Faith, Power, and Peril: The Church’s Complicity in Hitler’s Rise
This exploration uncovers how the early Christian church’s attitudes, particularly supersessionism, not only laid the groundwork for anti-Semitism but also tragically facilitated the Holocaust.
This essay has been rewritten from the ground up.
Some of you read the earlier version. Thank you. Your engagement, your comments, your willingness to sit with something uncomfortable — that is what made me go back to the text and push harder. The original was too polite. It summarized where it should have prosecuted. It gestured at a paper trail instead of following it.
The new version follows it.
It opens on November 10, 1938, the night synagogues burned across Germany — on Martin Luther’s birthday — and a Protestant bishop celebrated by distributing 100,000 copies of Luther’s antisemitic writings to his pastors. It traces the theological chain from Augustine’s witness doctrine through Luther’s 1543 blueprint through the Reichskonkordat, using primary sources: Hitler’s own speeches with dates, Luther’s own seven-point program, and Sha’ul’s (Paul’s) own Greek in Romans 11 that dismantles the entire supersessionist project in a single word — ametamelēta (ἀμεταμέλητα — irrevocable).
The argument ends where it has to end: this theology is not history. It is still preached.
Read the full essay here: The Theology That Built the Gas Chambers
If this table matters to you, if having a place where Scripture is read with Hebraic eyes and hard questions are not softened for comfort matters to you, I am grateful you are here. Every share, every conversation this starts, every person who reads the full essay and sits with it — that is the work.
If you want to support it: buymeacoffee.com/mrdesoto. Every dollar goes directly to people in crisis — aged-out foster kids and others who fell through the system. No overhead. No salaries. No building fund. Just people.
Thank you for being at this table.
Shalom v’shalvah — your brother in the Way,
Sergio




if always been fascinated by the church’s response,
I do definitely agree with some of the things presented, especially theological supersessionism.
It’s quite unfortunate that even some of the greatest theological minds fell into that hole/mindset. Some people i know personally believe this doctrine themselves, and while they mean well, i don’t think they understand the magnitude of the problem with the doctrine and the evils it has resulted in.

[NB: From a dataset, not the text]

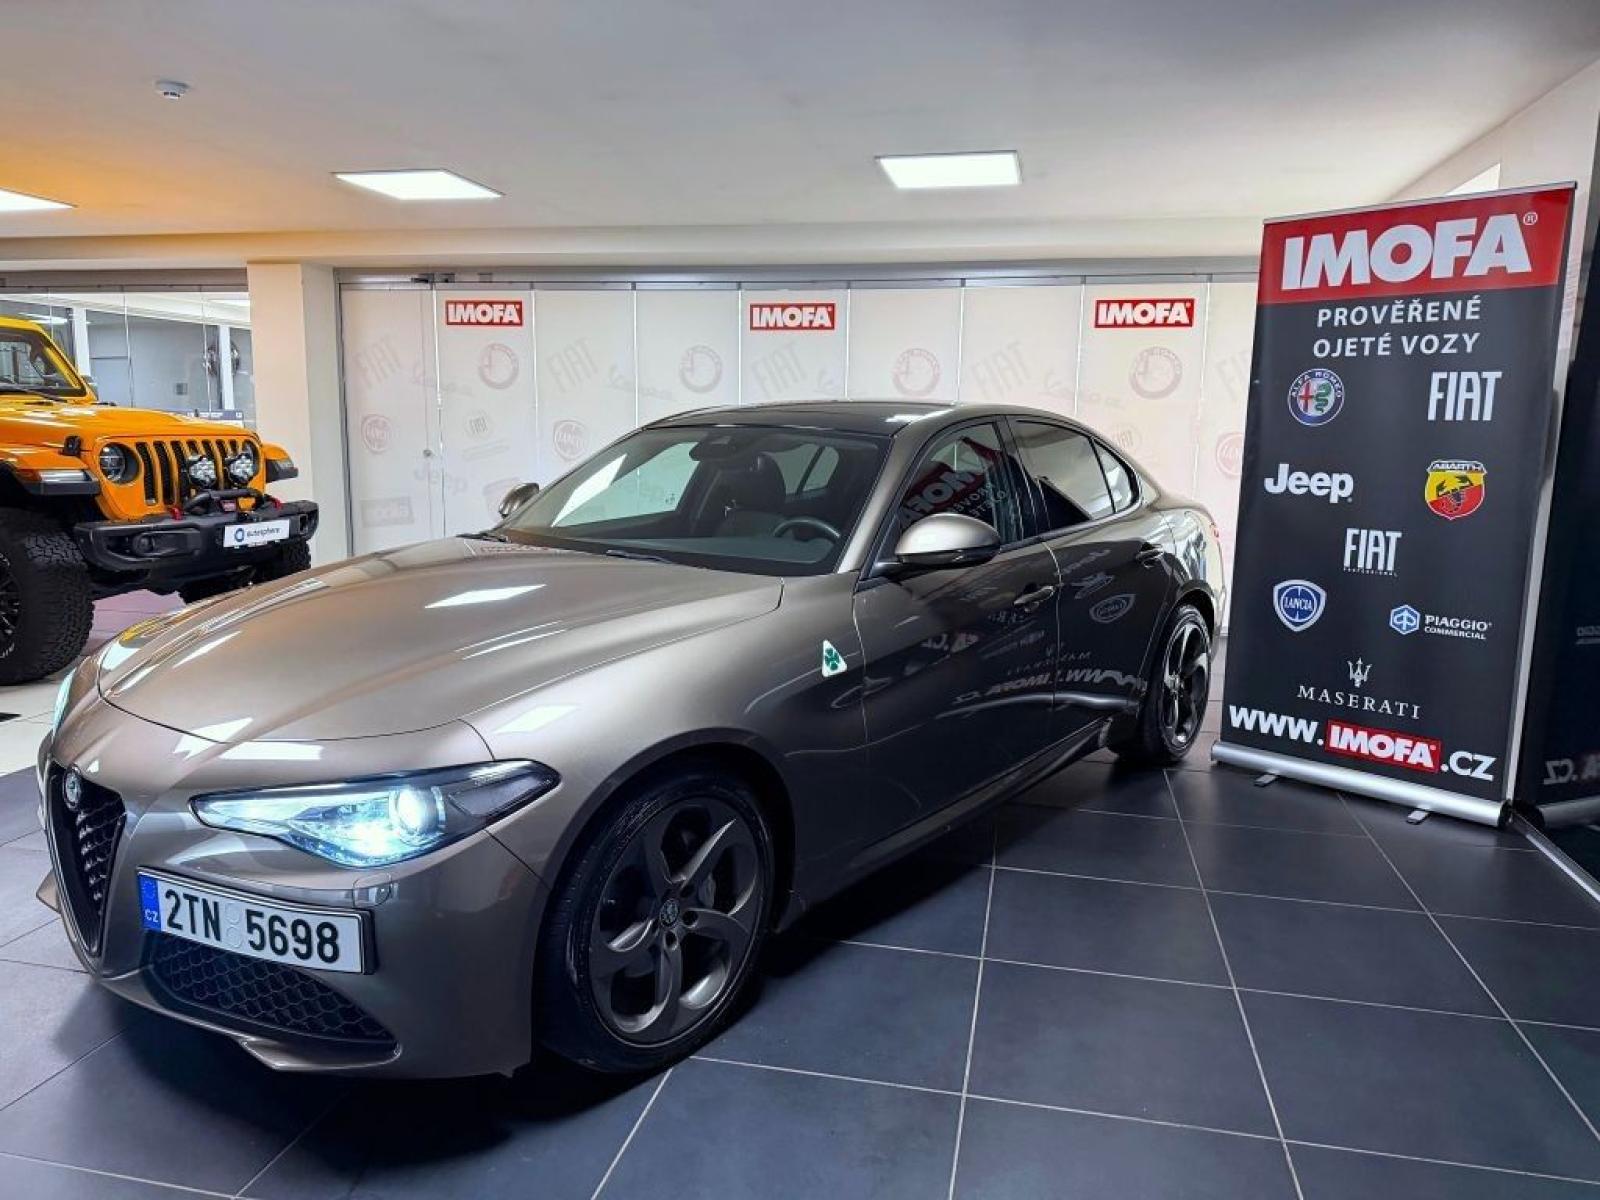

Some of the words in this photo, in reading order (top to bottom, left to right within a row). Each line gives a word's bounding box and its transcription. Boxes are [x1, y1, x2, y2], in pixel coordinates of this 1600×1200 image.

I also agree with hitler’s twisting of early church teachings, he didn’t stop there though, he even used texts from jewish era texts (specifically the OT) and twisted them as well.
(i’m not denying the credibility of the OT, i believe they are perfect and God’s holy and inspired Word, and i completely affirm them as equal to NT texts etc. I’m simply stating it’s ironic that he used texts written by people of that heritage, in order to “justify” annihilating them.)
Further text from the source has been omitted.